Martha P. Cotera (born January 17, 1938) is a librarian, writer, and influential activist of both the Chicano Civil Rights Movement and the Chicana Feminist movement of the 1960s and 1970s. Her two most notable works are Diosa y Hembra: The History and Heritage of Chicanas in the U.S. and The Chicana Feminist. Cotera was one of six women featured in a documentary, Las Mujeres de la Caucus Chicana, which recounts the experiences of some of the Chicana participants of the 1977 National Women's Conference in Houston, Texas.

==Early life==
Daughter of Juan Piña and Altagracia Castaños, Cotera was born in Chihuahua, Mexico. and was one of four children. She and her mother immigrated to El Paso, Texas in 1946 and she was educated in the El Paso Public Schools. She married Juan Cotera in 1963 and had two children.

==Education==
Cotera began her elementary education in Mexico. Her grandfather taught her to read when she was very young and when she immigrated from Mexico to the United States she was moved ahead from first grade to third grade in the Texas public schools. In 1962 Cotera earned a bachelor of arts degree in English with a minor in history from Texas Western College, which is now the University of Texas at El Paso. Later, in 1971, she earned a master's degree in education from a satellite campus of Antioch College, which is based in Yellow Springs, Ohio.

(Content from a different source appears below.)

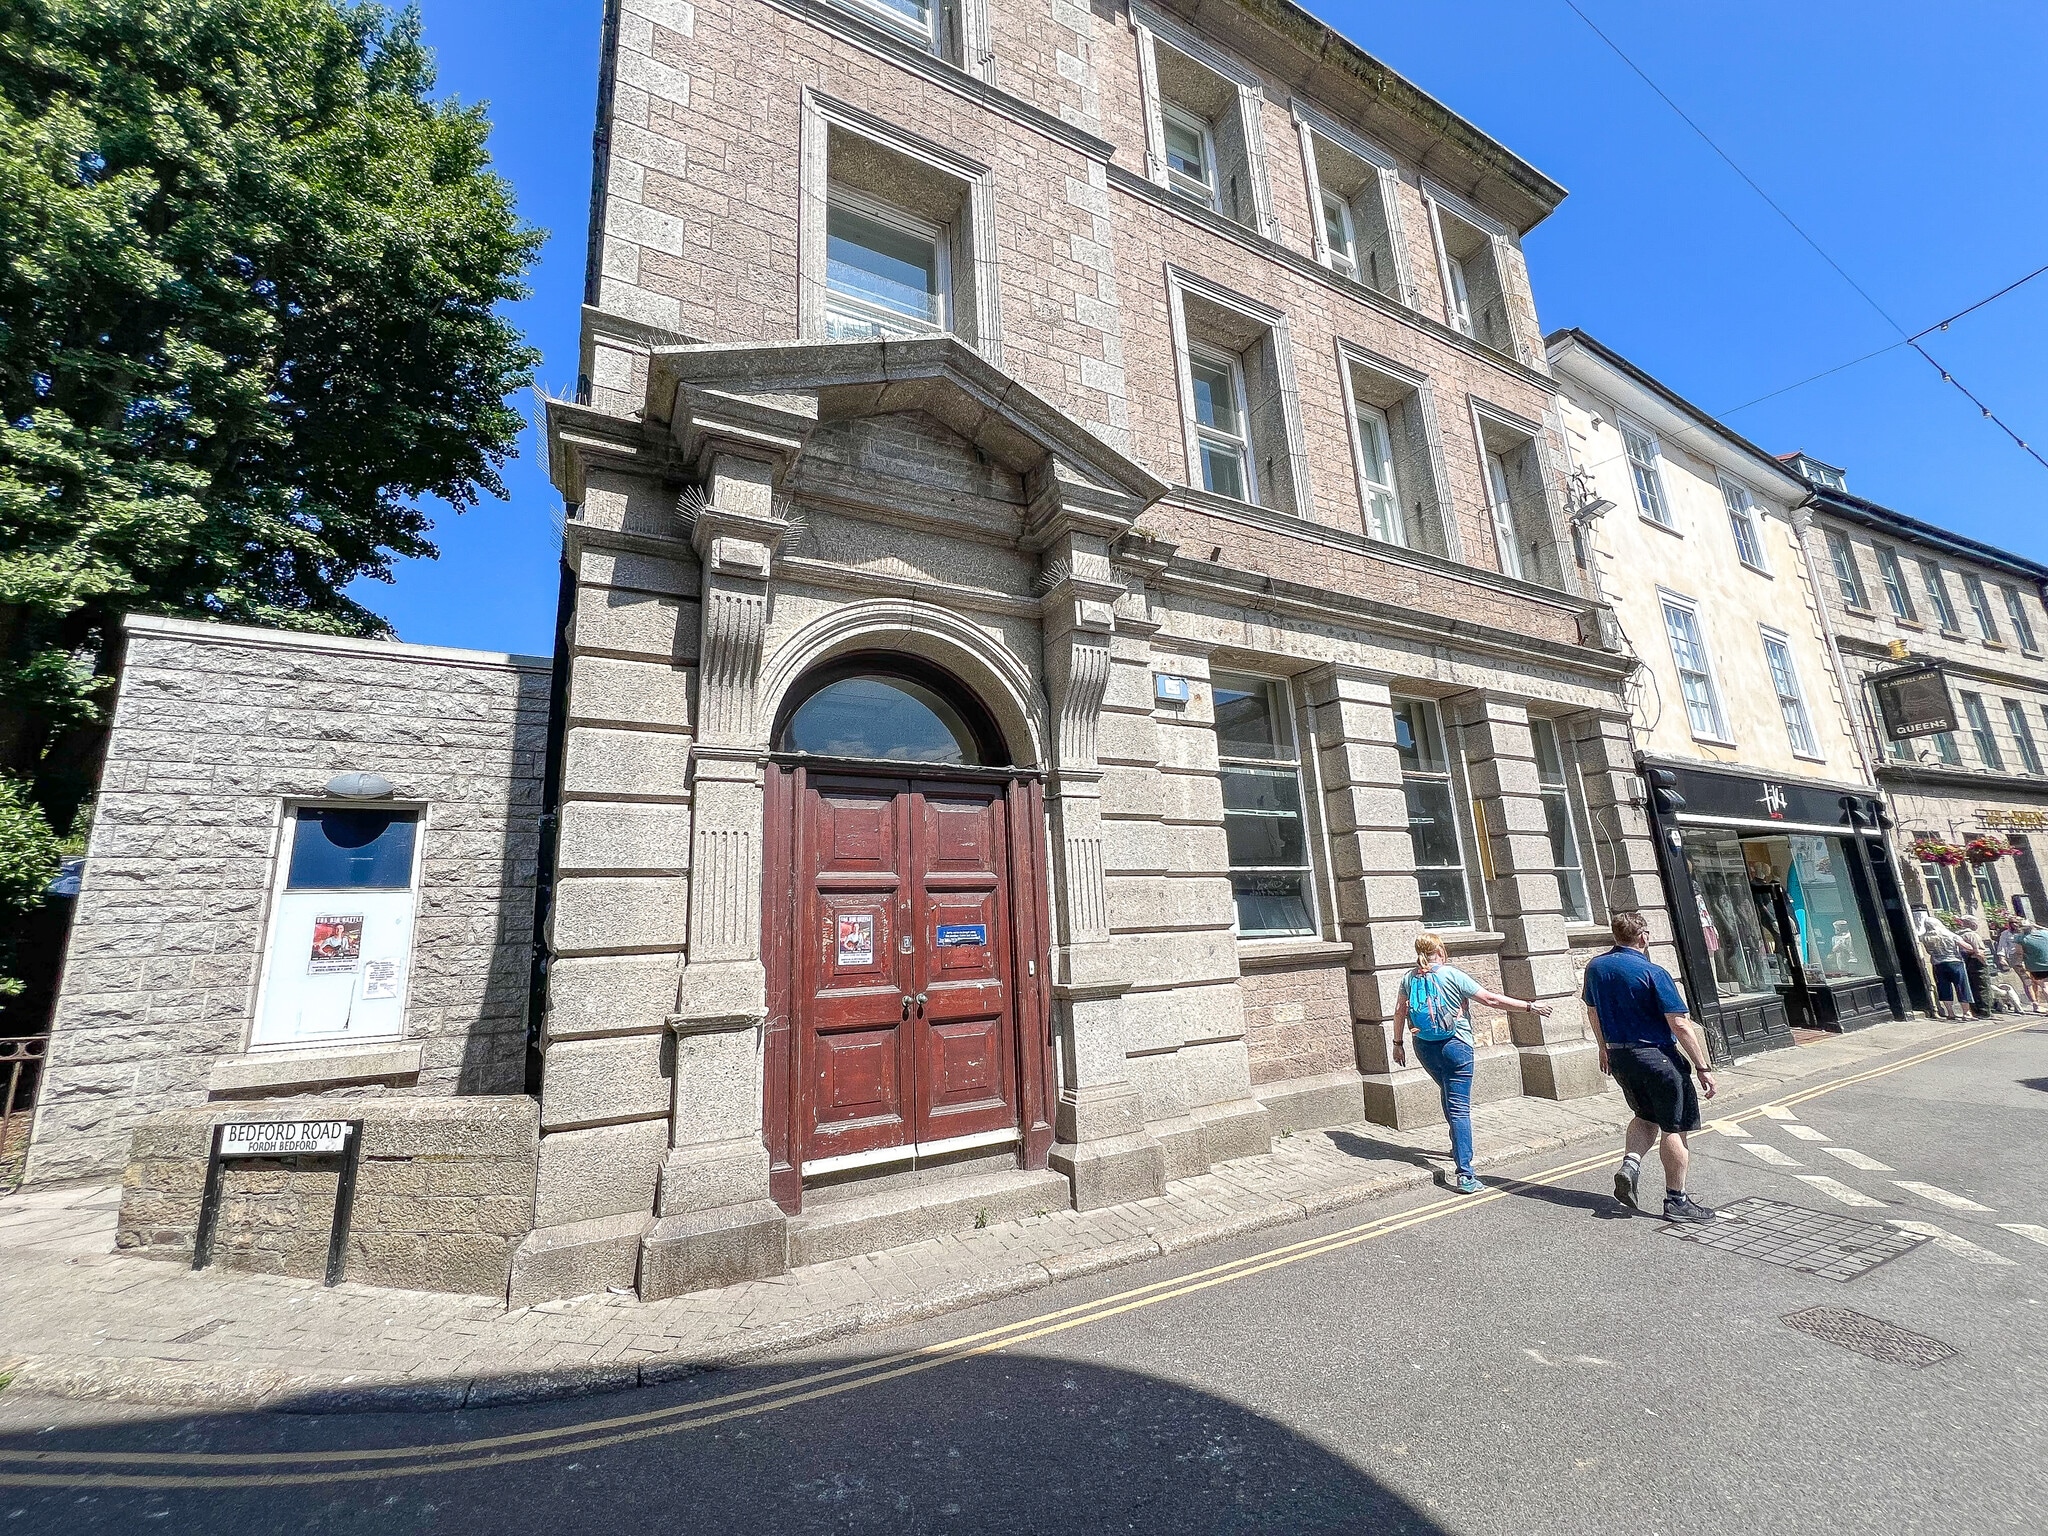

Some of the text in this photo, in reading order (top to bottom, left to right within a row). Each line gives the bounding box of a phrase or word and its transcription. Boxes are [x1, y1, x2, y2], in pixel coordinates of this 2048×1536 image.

[1918, 672, 1936, 680] ALES
[1896, 719, 1948, 734] QUEENS
[229, 1122, 342, 1141] BEDFORD ROAD
[248, 1140, 318, 1152] FORDH BEDFORD

==Career and political involvement==
Cotera began her prolific career as a librarian in El Paso in her late twenties. In 1964, the Texas State Library in Austin hired her as the director of documents and information and in 1968 she became the director of Southwest Educational Development. She has been involved with several established political and activist organizations. She first became involved with PASSO (Political Association of Spanish Speaking Organizations) and in 1964 in the following years she and her husband also began working with the farmworkers movement.

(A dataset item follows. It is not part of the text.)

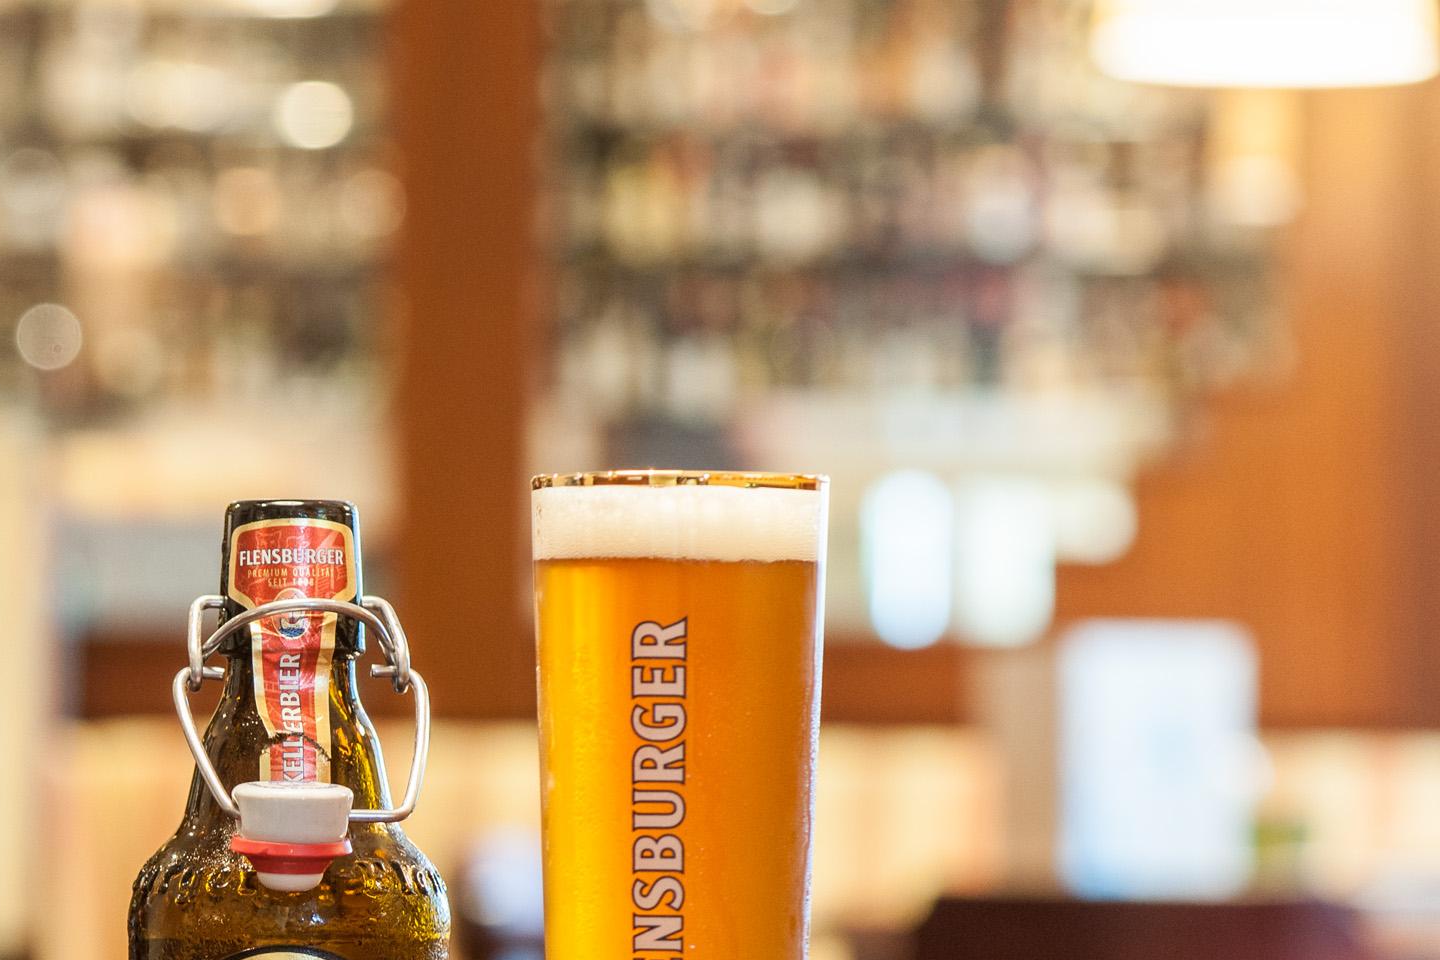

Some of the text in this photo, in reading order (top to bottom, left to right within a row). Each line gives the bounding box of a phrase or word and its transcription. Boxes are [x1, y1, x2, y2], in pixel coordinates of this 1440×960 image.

[239, 547, 344, 567] FLENSBURGER
[247, 567, 288, 579] PREMIUM
[279, 652, 305, 783] KELLERBIER

In 1964 she and other Texas educators formed TEAMS (Texans for Educational Advancement for Mexican Americans), a network of educators that mobilized support for the students who participated in the high school walkouts organized by the Mexican American Youth Organization. When the walkouts occurred in Crystal City, Texas in 1968, Cotera and her family moved there to work as tutors for the striking students.

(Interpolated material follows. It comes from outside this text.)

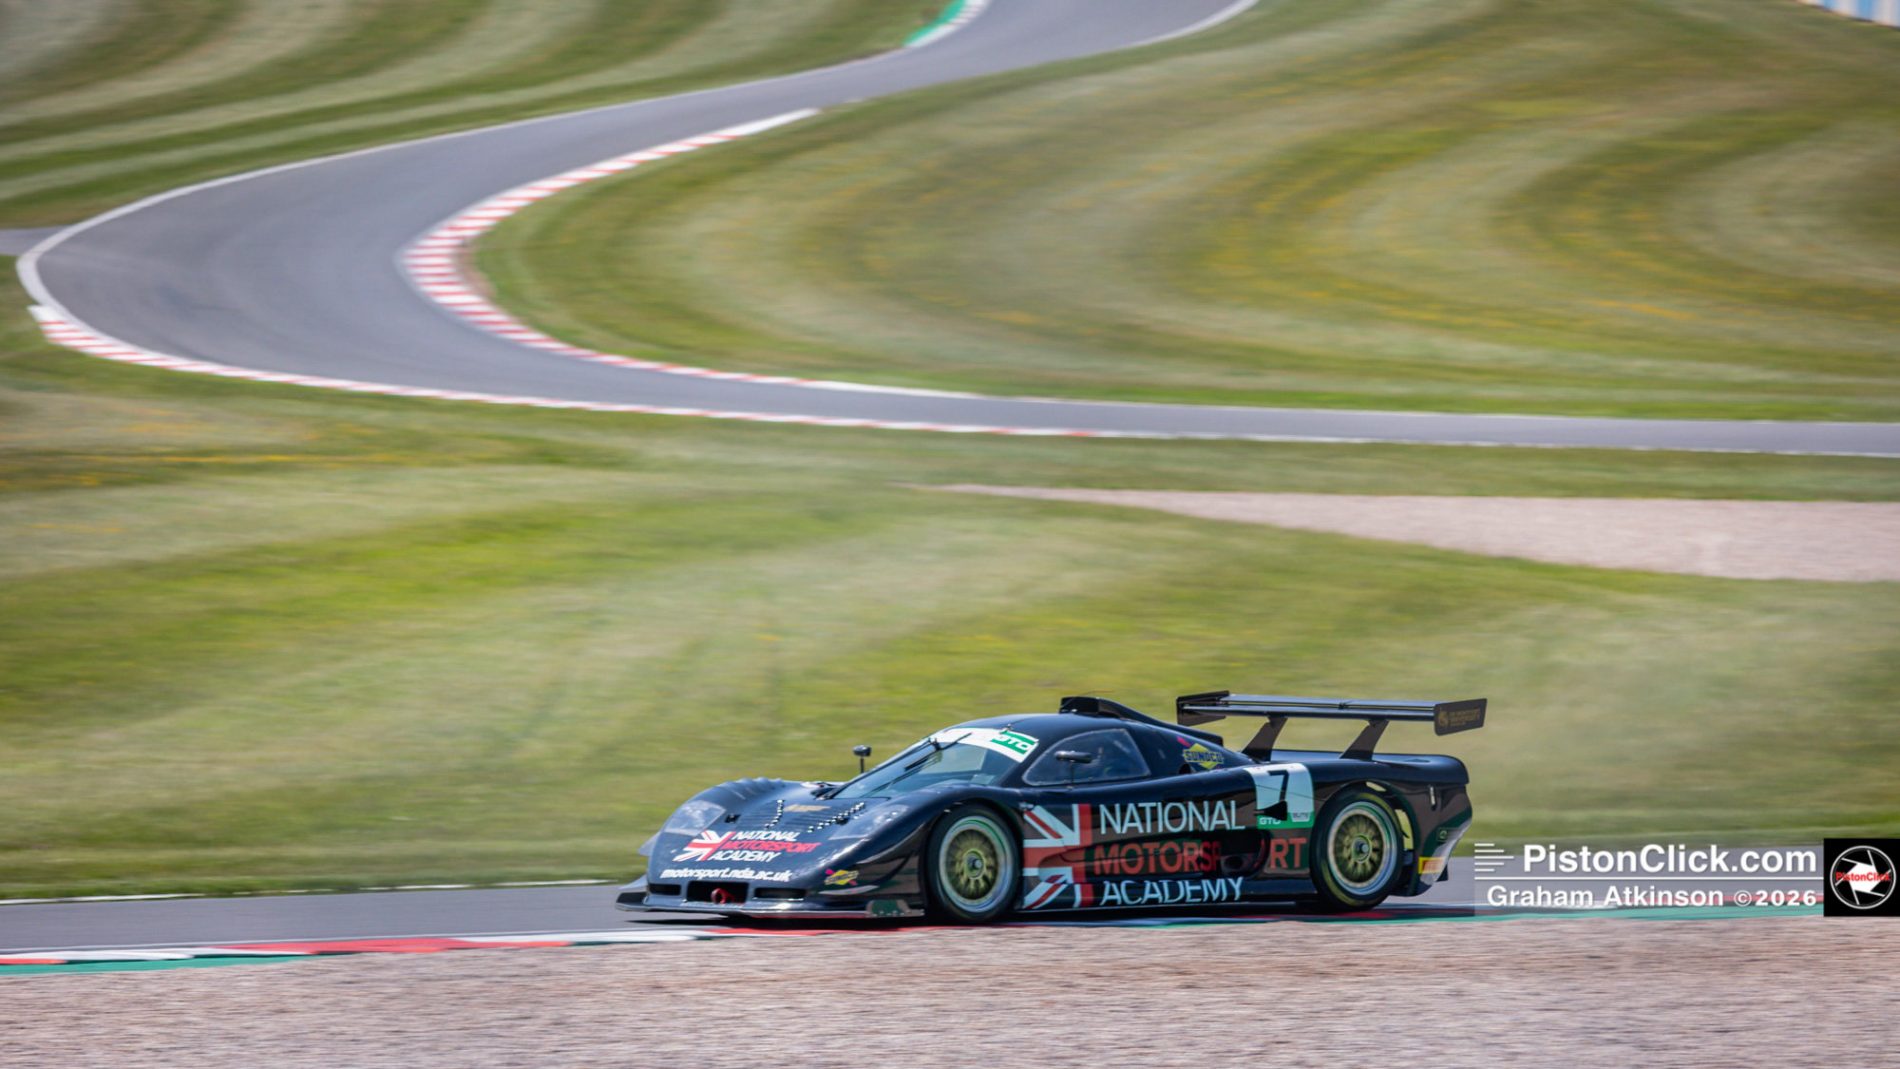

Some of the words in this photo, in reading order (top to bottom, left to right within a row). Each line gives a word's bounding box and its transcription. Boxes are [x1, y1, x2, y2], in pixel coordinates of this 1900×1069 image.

Cotera and her husband moved to Mercedes, Texas, in 1970. There they helped found Jacinto Trevino College with the Antioch College Graduate School of Education. Eventually this school became the Juarez-Lincoln University. Though it no longer exists, it was developed as a college for Mexican Americans to prepare teachers for bilingual education programs. Martha and her husband Juan served on the faculty until 1975.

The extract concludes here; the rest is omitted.